## Data extracted from a collection
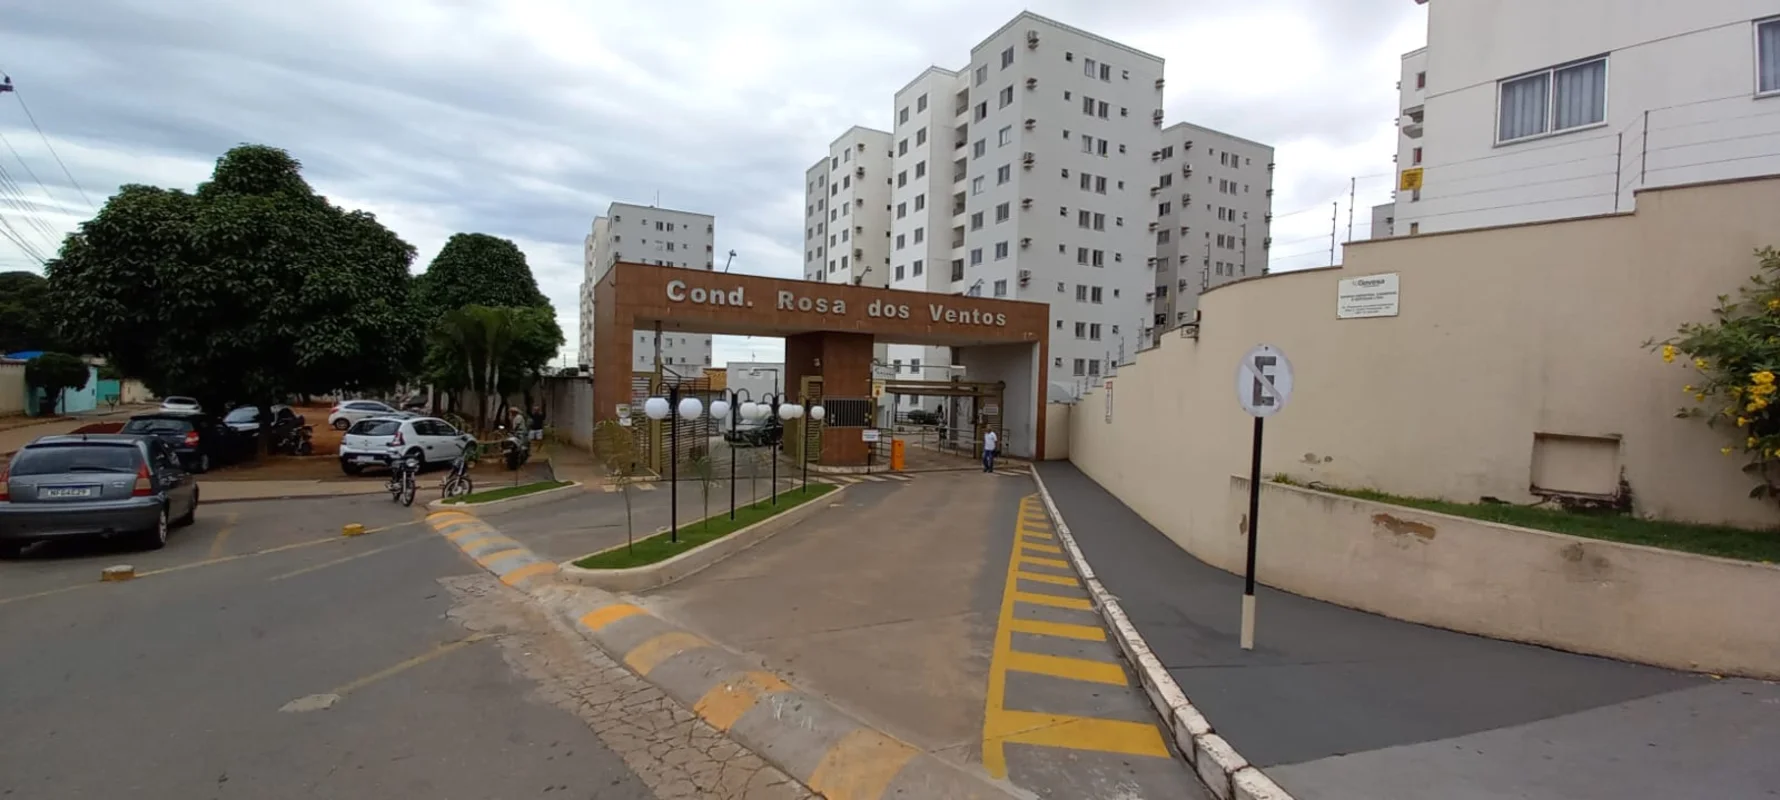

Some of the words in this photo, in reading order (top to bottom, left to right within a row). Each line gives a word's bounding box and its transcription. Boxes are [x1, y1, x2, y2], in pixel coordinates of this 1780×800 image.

[666, 279, 754, 309] Cond.
[776, 289, 847, 315] Rosa
[868, 298, 911, 320] dos
[928, 302, 1008, 327] Ventos

## TASK OBJECTIVE
Each line of the data above must be repeated exactly, images excluded.

## RESULT OF THIS EXERCISE
Some of the words in this photo, in reading order (top to bottom, left to right within a row). Each line gives a word's bounding box and its transcription. Boxes are [x1, y1, x2, y2], in pixel coordinates of this 1780×800 image.

[666, 279, 754, 309] Cond.
[776, 289, 847, 315] Rosa
[868, 298, 911, 320] dos
[928, 302, 1008, 327] Ventos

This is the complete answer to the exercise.